But this summer, after finally unpacking all of my books from our move in December, I started reading again and finally have some good recommendations to share!


"A Gentleman in Moscow" by Amor Towles - This book was getting a lot of hype last year and I picked it up while in London and wasn't disappointed. Do you ever read a book that moves slowly but in an absolutely perfect way? That was "A Gentleman in Moscow." The book follows the long life of the aristocrat, Count Rostov, who is put under house arrest at a hotel in Moscow for being part of the aristocracy. Amor Towles' ability to craft such a beautiful story that never leaves the four walls of the hotel is remarkable. With a main character whom you grow to love more and more by the page, this book was one that I didn't want to end and can easily be considered a new favorite.

"Big Little Lies" by Liane Moriarty - I picked this up off of my friend, Carolann's bookshelf when I was in Hawaii. I hadn't read a book in almost two months and wanted a light, easy beach read. Honestly, I had avoided reading anything by Moriarty. Her books never really appealed to me but I loved this book. It was the perfect beach read and I couldn't put it down! I love a good mystery and this one kicks off with a murder but you don't know who was murdered or who the murderer was, which definitely made for a good page turner! I haven't watched the HBO series but I've heard good things about it!

"Born a Crime: Stories from a South African Childhood" by Trevor Noah - I listened to the audiobook of Trevor Noah's book and wasn't disappointed. It was a fascinating, funny autobiography about Trevor Noah's life growing up in post-apartheid South Africa. I normally don't read books by celebrities because I've found that they all come across as extremely self-absorbed and have made me really dislike some of my favorite celebrities but Noah's book wasn't a "how I got here" story, it was about his life growing up and made for a good read.

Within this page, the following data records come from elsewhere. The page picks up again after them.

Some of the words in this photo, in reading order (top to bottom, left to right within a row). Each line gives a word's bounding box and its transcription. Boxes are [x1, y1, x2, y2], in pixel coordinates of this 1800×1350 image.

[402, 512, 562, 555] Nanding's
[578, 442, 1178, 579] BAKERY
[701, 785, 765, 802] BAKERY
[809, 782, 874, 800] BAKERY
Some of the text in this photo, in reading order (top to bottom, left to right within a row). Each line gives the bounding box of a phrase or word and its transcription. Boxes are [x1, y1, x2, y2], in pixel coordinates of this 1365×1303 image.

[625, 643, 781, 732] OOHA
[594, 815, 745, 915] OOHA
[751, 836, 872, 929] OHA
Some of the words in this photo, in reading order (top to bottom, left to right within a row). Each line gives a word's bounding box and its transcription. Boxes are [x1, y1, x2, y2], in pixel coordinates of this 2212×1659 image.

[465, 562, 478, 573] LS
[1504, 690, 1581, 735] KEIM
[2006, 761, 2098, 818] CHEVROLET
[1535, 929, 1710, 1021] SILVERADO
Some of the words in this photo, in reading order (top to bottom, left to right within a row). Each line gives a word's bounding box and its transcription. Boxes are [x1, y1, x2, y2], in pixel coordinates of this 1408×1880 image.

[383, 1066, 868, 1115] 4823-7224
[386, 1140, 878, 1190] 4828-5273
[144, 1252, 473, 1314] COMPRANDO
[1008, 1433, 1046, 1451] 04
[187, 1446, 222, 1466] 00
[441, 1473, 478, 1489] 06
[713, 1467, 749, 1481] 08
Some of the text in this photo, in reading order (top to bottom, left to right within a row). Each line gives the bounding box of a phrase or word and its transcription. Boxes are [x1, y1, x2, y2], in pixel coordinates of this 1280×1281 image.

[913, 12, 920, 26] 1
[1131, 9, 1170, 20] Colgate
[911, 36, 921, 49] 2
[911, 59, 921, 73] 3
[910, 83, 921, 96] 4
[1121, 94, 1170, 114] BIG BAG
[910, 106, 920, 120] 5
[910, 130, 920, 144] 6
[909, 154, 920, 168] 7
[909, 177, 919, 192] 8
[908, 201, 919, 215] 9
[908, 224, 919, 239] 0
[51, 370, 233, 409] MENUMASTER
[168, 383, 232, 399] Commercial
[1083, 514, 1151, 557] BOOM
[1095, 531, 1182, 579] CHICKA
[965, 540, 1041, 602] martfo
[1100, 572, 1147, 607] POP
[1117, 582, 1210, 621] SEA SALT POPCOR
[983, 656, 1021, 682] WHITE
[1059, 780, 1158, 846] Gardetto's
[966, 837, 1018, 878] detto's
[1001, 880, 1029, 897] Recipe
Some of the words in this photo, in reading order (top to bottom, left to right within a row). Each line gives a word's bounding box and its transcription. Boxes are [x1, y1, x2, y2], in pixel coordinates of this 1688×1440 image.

"The Alice Network" by Katie Quinn - Historical fiction is easily my favorite genre and I'll read just about anything written about the First and Second World Wars. I'm not sure why but I'm really drawn to these books. I picked up "The Alice Network" at a local bookstore here in Baltimore and really enjoyed it. Told from two perspectives - that of Eve Gardiner, a young woman recruited to be a spy during the Great War, and Charlie St. Clair, pregnant and unmarried who lands on Eve's doorstep 30 years later, at the tail end of the Second World War. Unexpectedly, the unlikely pair ends up on a journey through Europe trying to find Charlie's missing cousin while the plot hints at a surprising connection between the two women.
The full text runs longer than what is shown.